Return all the entries. Match them word for word.

━━ Material to process ━━

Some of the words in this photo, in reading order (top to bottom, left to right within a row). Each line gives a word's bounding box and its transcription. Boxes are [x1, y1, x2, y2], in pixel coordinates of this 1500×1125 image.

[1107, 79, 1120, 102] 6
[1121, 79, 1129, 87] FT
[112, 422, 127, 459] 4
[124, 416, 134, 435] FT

━━━

Response area:
Some of the words in this photo, in reading order (top to bottom, left to right within a row). Each line gives a word's bounding box and its transcription. Boxes are [x1, y1, x2, y2], in pixel coordinates of this 1500×1125 image.

[1107, 79, 1120, 102] 6
[1121, 79, 1129, 87] FT
[112, 422, 127, 459] 4
[124, 416, 134, 435] FT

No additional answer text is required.